**EXERCISE**
Please transcribe, exactly and only, the lines of the records below from the one holding "Some of the words" to the very end.

**DATASET RECORDS**
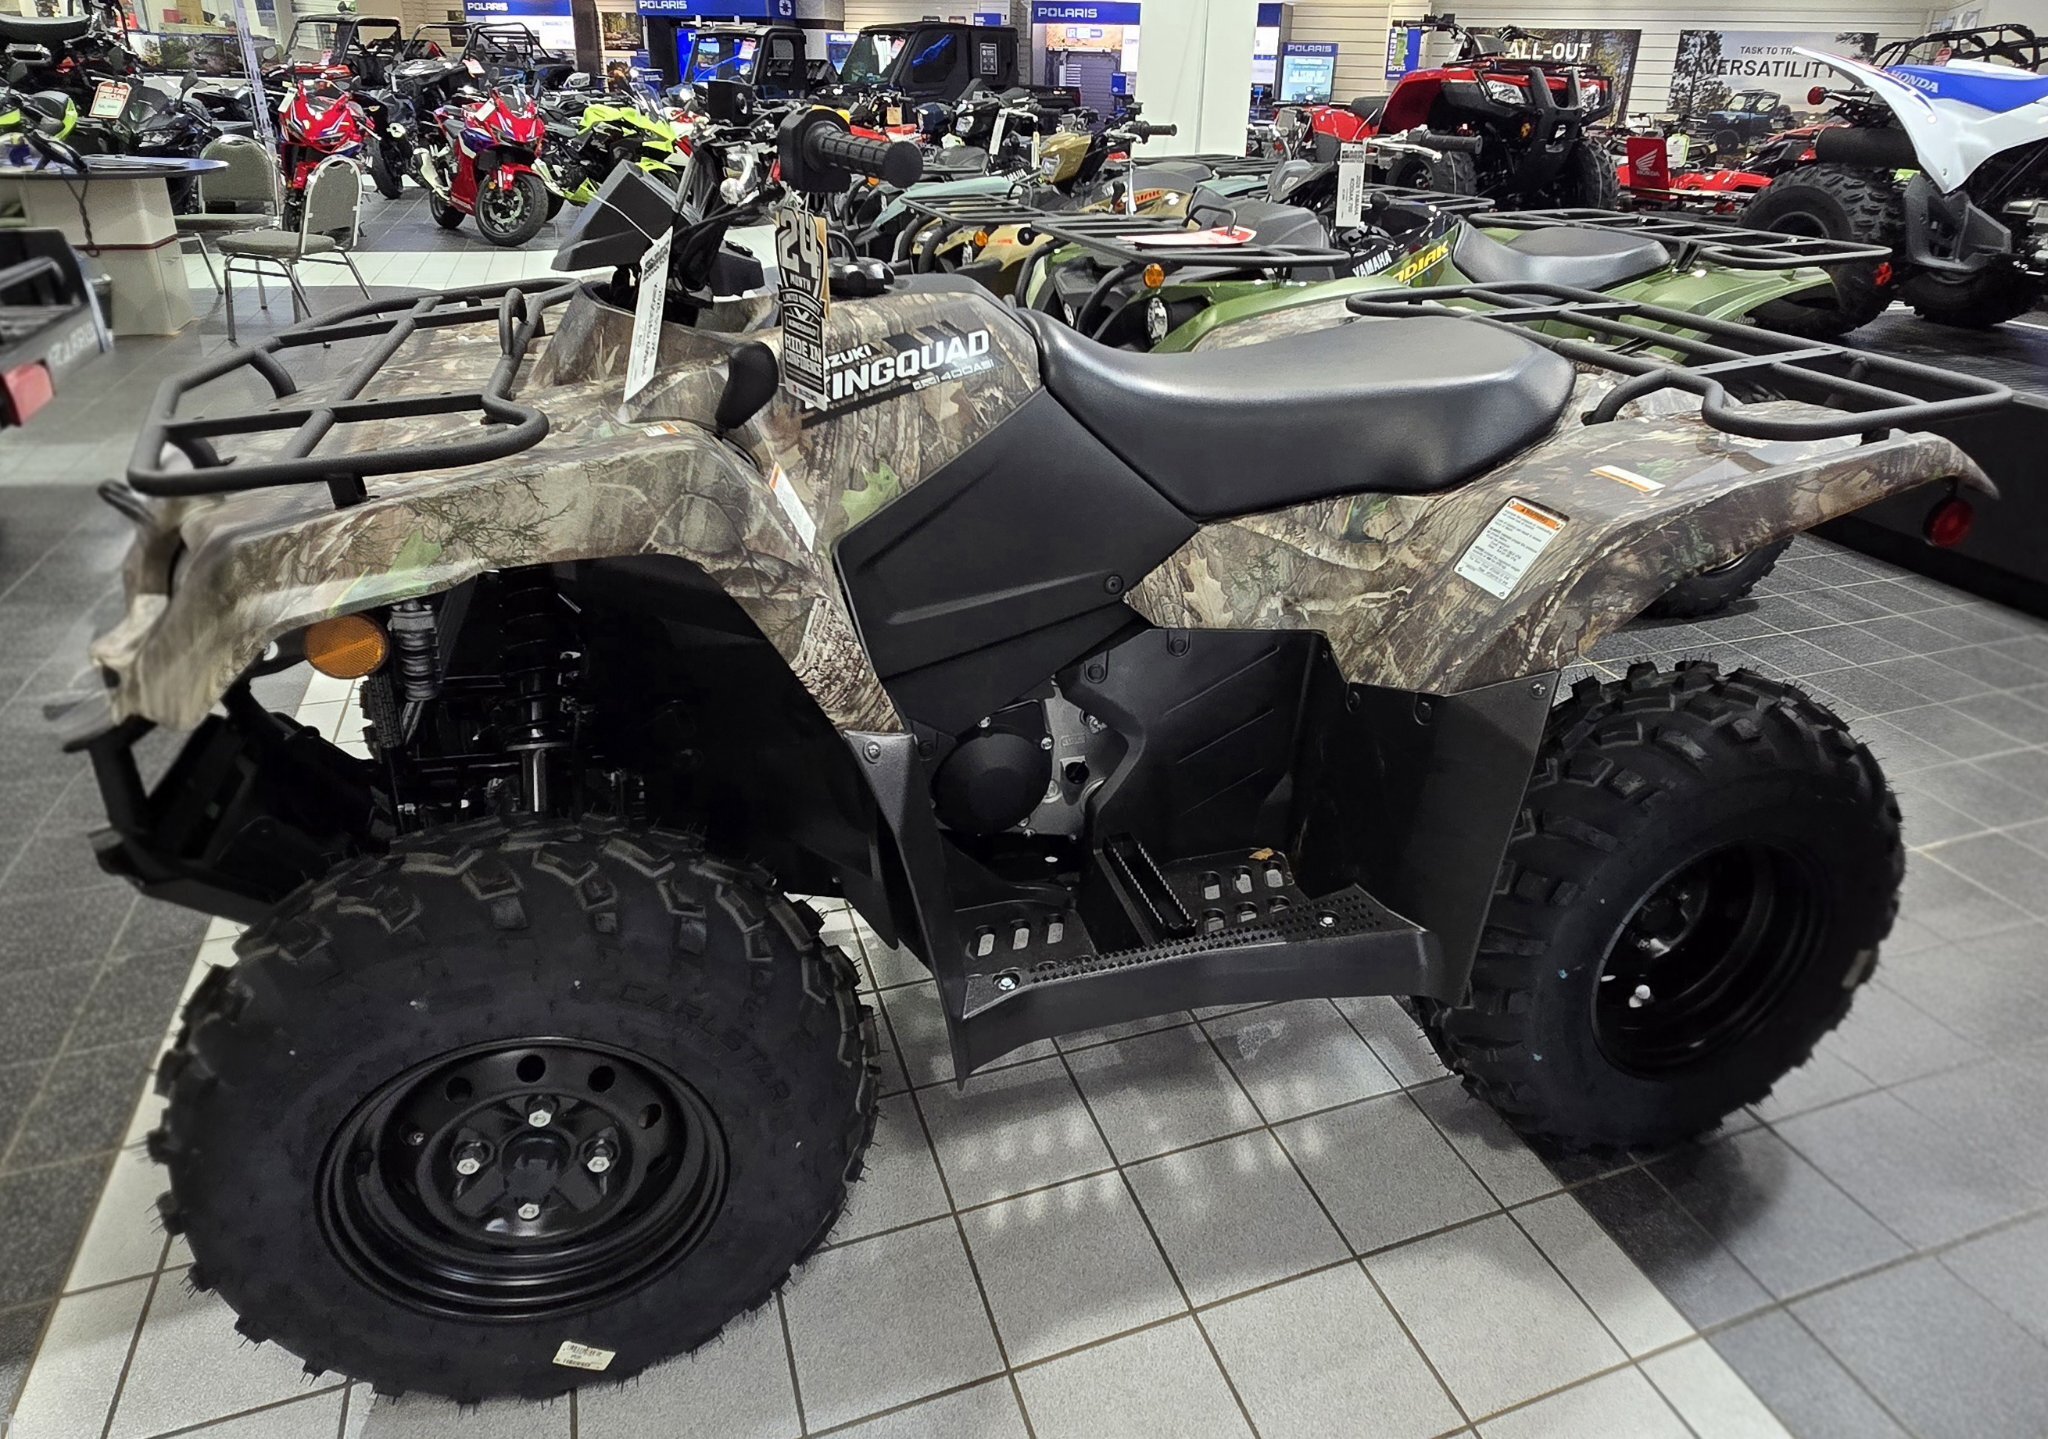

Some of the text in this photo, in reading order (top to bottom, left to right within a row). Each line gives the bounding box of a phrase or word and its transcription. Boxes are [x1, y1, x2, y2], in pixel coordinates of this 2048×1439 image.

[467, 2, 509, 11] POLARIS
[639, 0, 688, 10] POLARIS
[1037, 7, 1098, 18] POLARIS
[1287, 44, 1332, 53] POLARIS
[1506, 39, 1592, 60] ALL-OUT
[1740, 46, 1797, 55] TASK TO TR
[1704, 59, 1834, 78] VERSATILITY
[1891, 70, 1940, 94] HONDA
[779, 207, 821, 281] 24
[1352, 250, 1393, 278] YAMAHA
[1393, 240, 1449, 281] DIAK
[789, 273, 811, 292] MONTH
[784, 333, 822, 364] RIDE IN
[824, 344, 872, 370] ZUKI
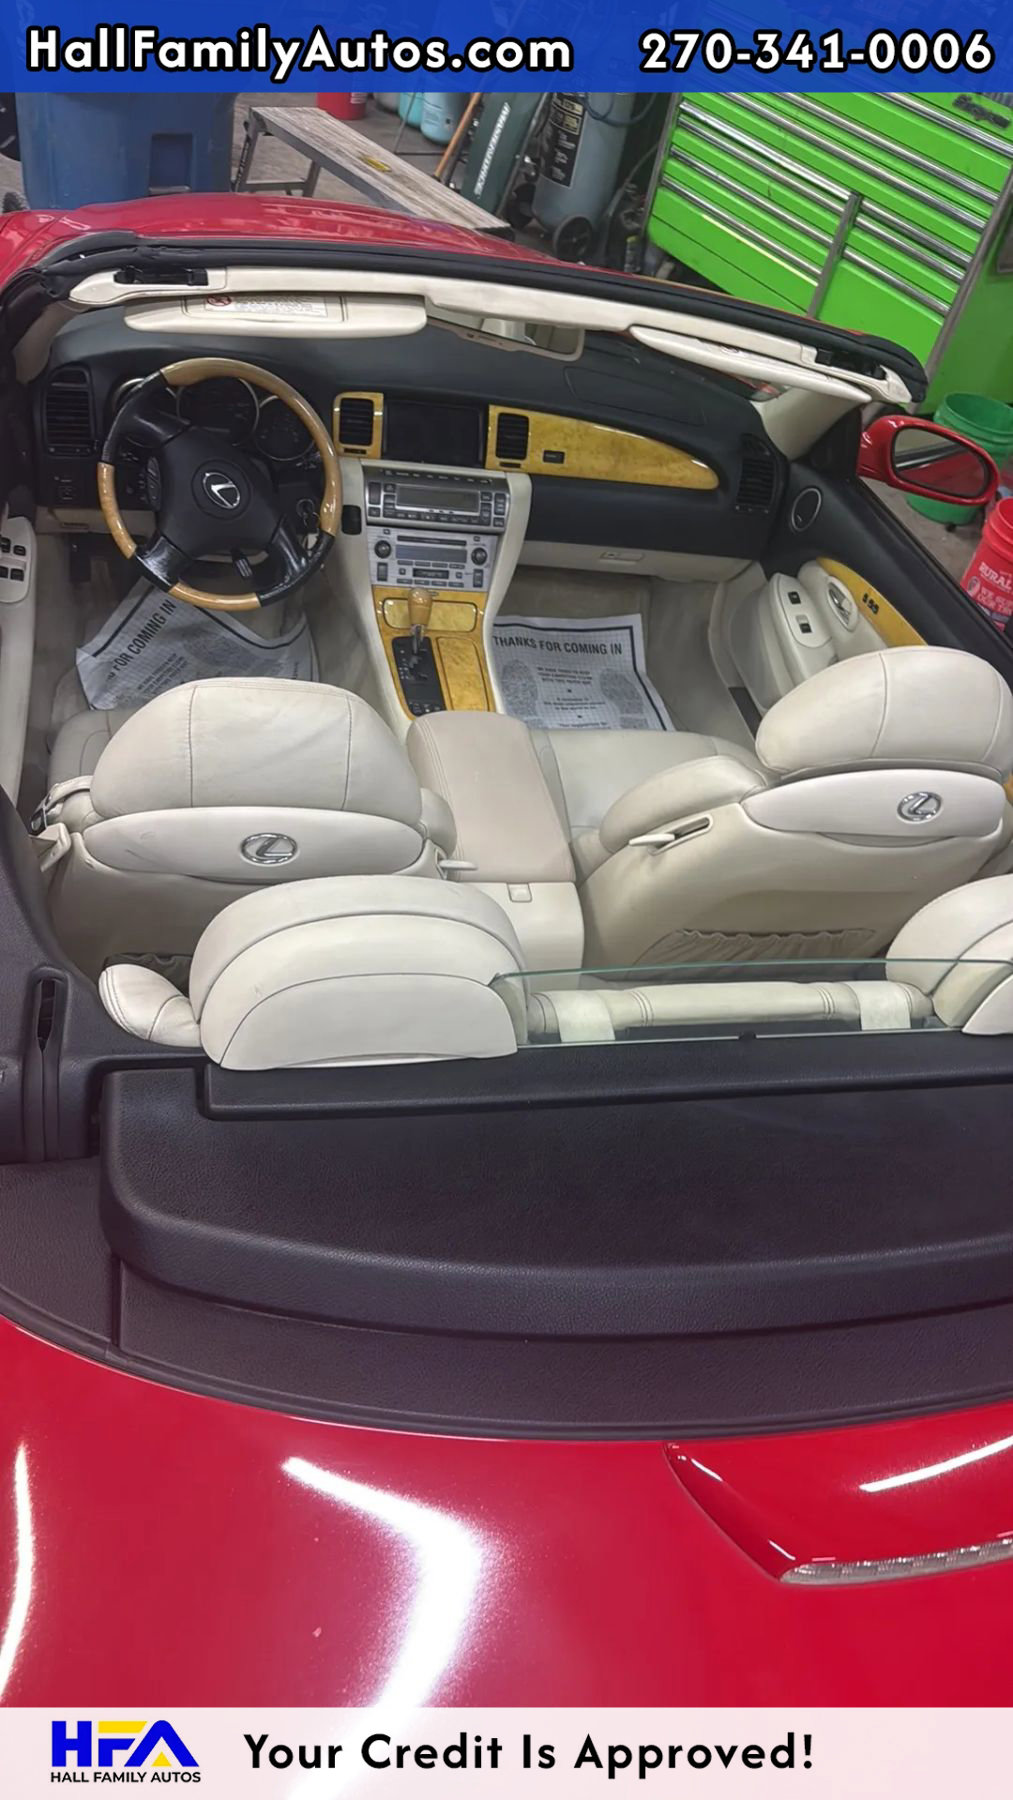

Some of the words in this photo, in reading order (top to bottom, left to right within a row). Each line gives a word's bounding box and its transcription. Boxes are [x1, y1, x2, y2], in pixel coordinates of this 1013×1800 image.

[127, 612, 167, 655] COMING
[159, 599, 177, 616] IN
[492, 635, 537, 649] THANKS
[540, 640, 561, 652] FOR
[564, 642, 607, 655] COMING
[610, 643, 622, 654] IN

**RESPONSE AREA**
Some of the words in this photo, in reading order (top to bottom, left to right within a row). Each line gives a word's bounding box and its transcription. Boxes are [x1, y1, x2, y2], in pixel coordinates of this 1013×1800 image.

[127, 612, 167, 655] COMING
[159, 599, 177, 616] IN
[492, 635, 537, 649] THANKS
[540, 640, 561, 652] FOR
[564, 642, 607, 655] COMING
[610, 643, 622, 654] IN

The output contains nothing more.